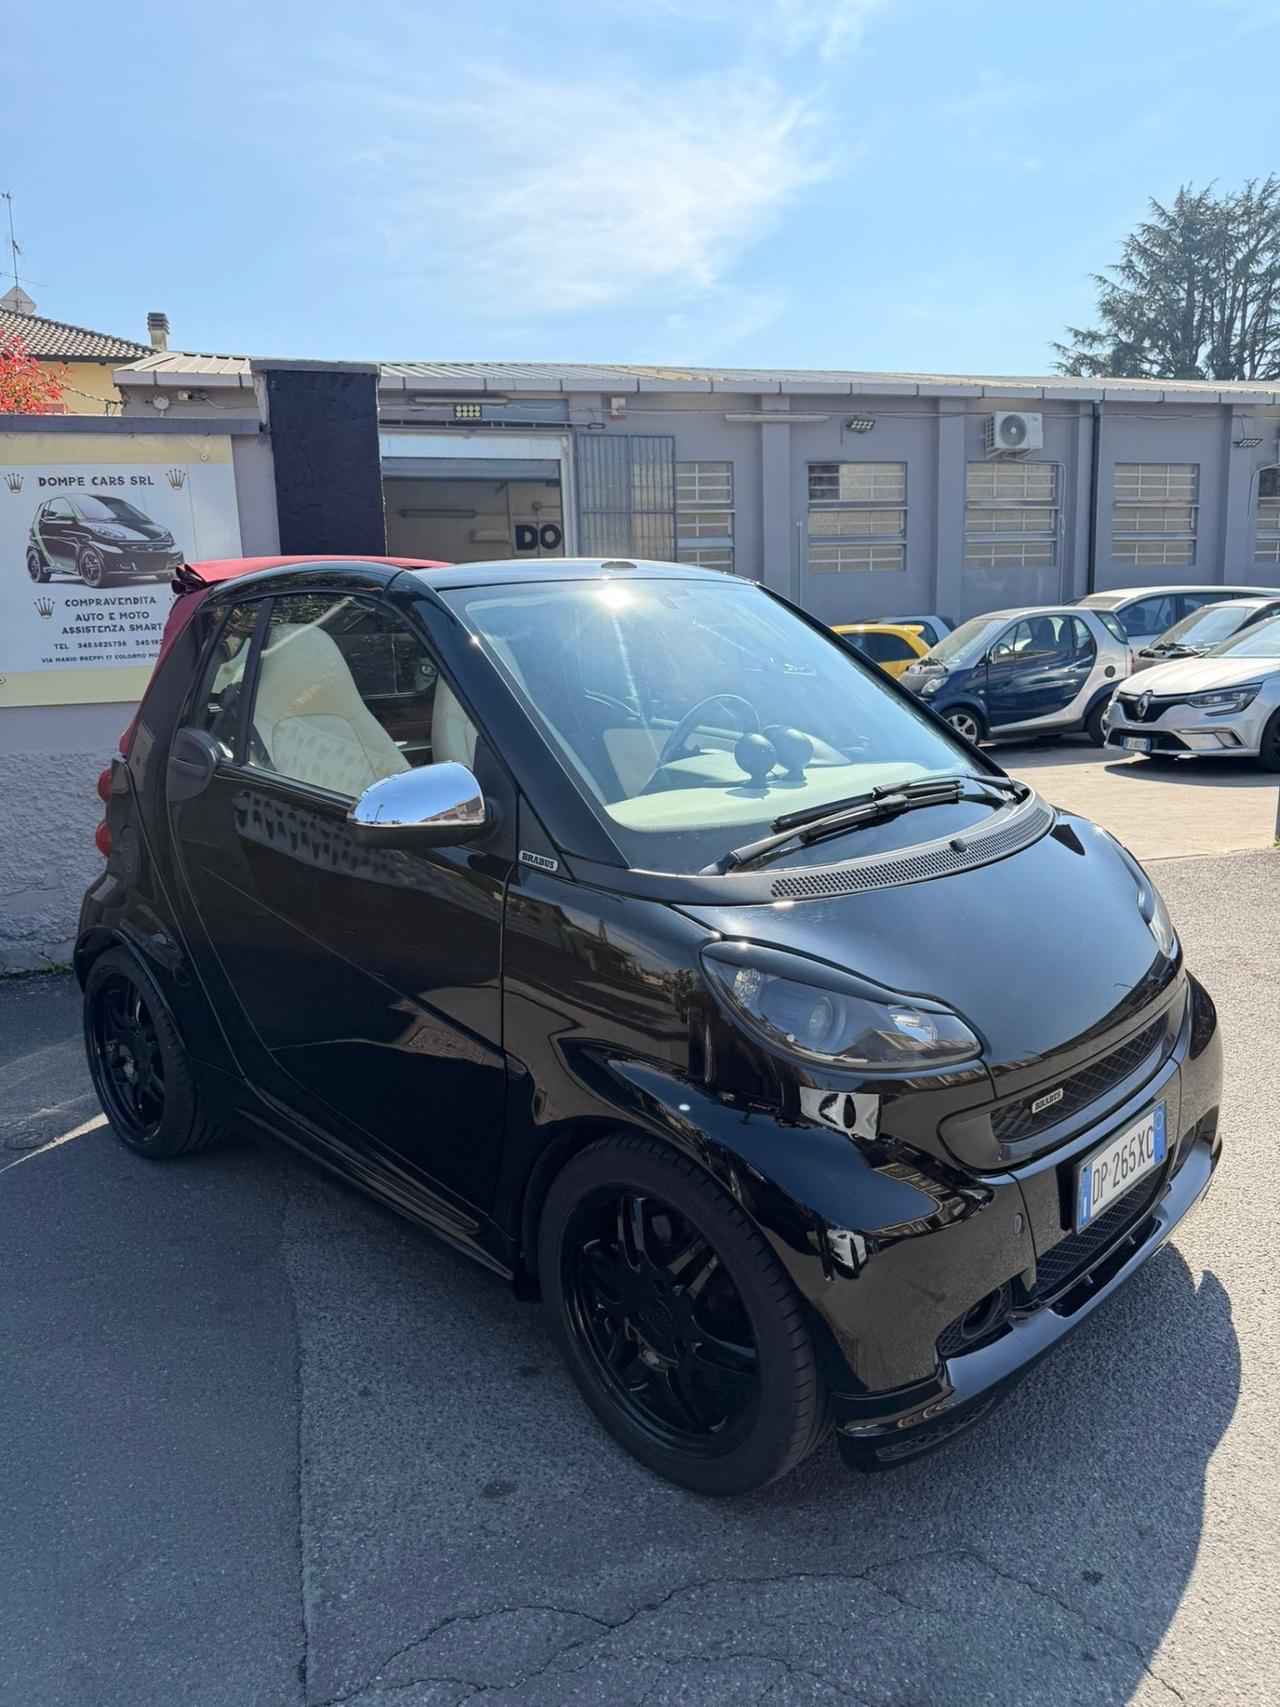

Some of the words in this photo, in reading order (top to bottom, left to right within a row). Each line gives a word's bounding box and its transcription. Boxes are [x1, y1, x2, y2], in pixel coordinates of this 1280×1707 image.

[38, 476, 85, 487] DOMPE
[91, 476, 125, 486] CARS
[130, 475, 155, 486] SRL
[515, 523, 561, 550] DO
[65, 596, 157, 608] COMPRAVENDITA
[75, 612, 104, 622] AUTO
[109, 612, 116, 621] E
[119, 611, 150, 620] MOTO
[62, 624, 125, 635] ASSISTENZA
[129, 622, 163, 632] SMART
[521, 851, 555, 869] BRABUS
[1092, 1161, 1108, 1205] DP
[1112, 1125, 1154, 1188] 265XC

**What you need to do**
If a line holds an image, leave the image out; retype everything else in the entries exactly.

**Reply**
Some of the words in this photo, in reading order (top to bottom, left to right within a row). Each line gives a word's bounding box and its transcription. Boxes are [x1, y1, x2, y2], in pixel coordinates of this 1280×1707 image.

[38, 476, 85, 487] DOMPE
[91, 476, 125, 486] CARS
[130, 475, 155, 486] SRL
[515, 523, 561, 550] DO
[65, 596, 157, 608] COMPRAVENDITA
[75, 612, 104, 622] AUTO
[109, 612, 116, 621] E
[119, 611, 150, 620] MOTO
[62, 624, 125, 635] ASSISTENZA
[129, 622, 163, 632] SMART
[521, 851, 555, 869] BRABUS
[1092, 1161, 1108, 1205] DP
[1112, 1125, 1154, 1188] 265XC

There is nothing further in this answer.